Saved data entries:
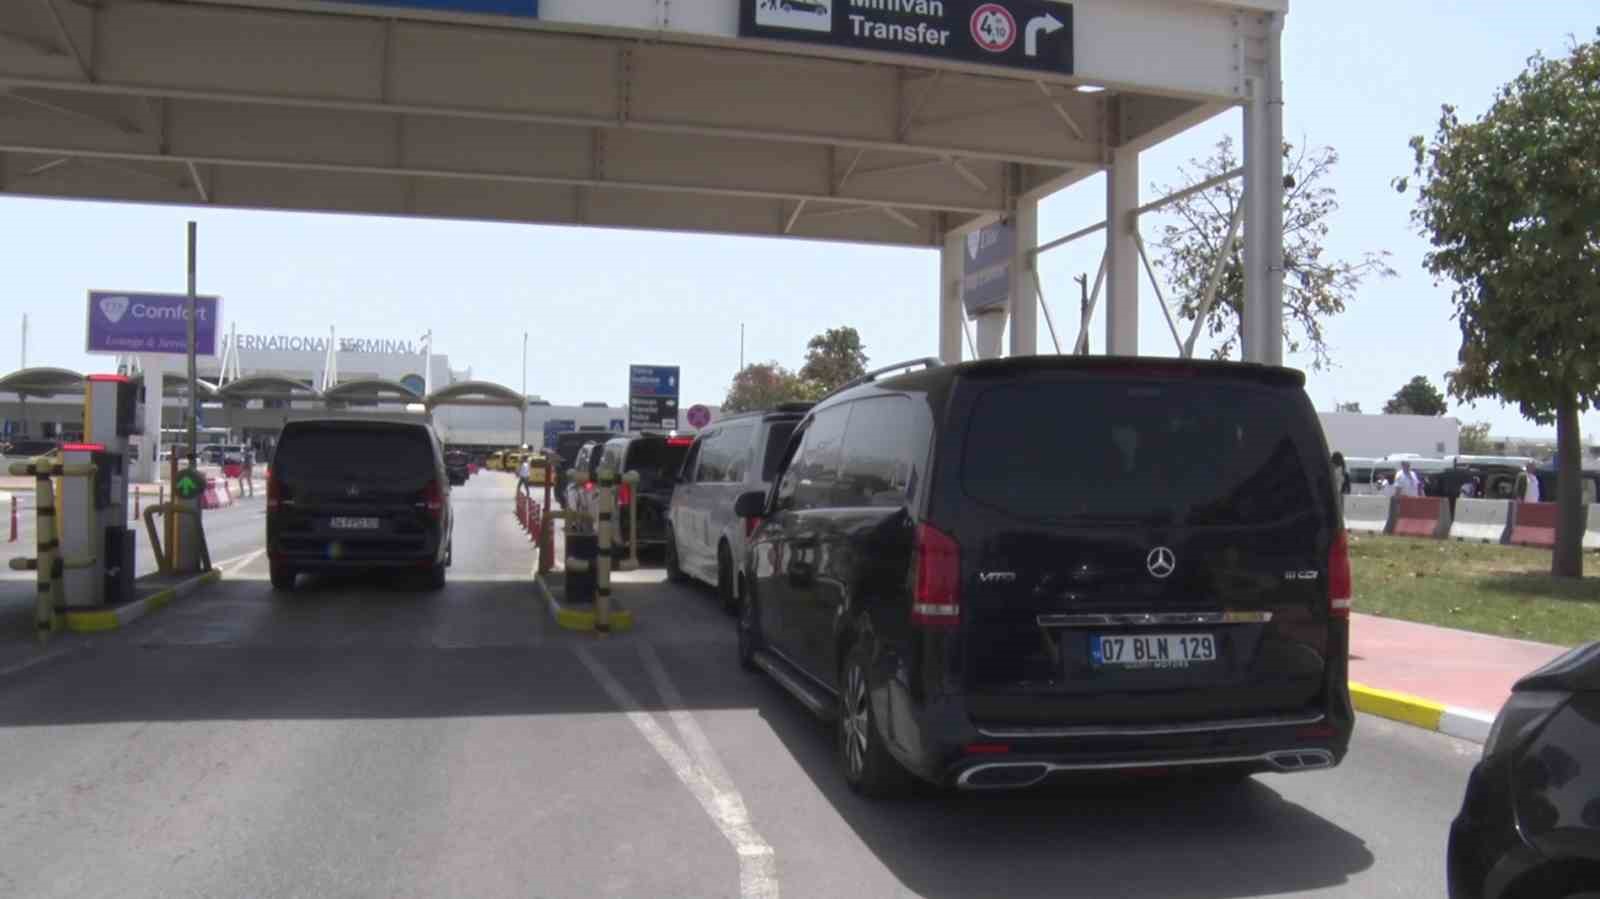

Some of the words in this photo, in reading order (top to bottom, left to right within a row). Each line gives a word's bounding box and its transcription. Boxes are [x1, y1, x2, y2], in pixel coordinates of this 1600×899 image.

[848, 14, 950, 46] Transfer
[1103, 638, 1125, 661] 07
[1134, 637, 1169, 661] BLN
[1180, 636, 1214, 659] 129

Try it =
Every record above should be written out again exactly; the pictures stay out of the copy.

Task result =
Some of the words in this photo, in reading order (top to bottom, left to right within a row). Each line gives a word's bounding box and its transcription. Boxes are [x1, y1, x2, y2], in pixel coordinates of this 1600×899 image.

[848, 14, 950, 46] Transfer
[1103, 638, 1125, 661] 07
[1134, 637, 1169, 661] BLN
[1180, 636, 1214, 659] 129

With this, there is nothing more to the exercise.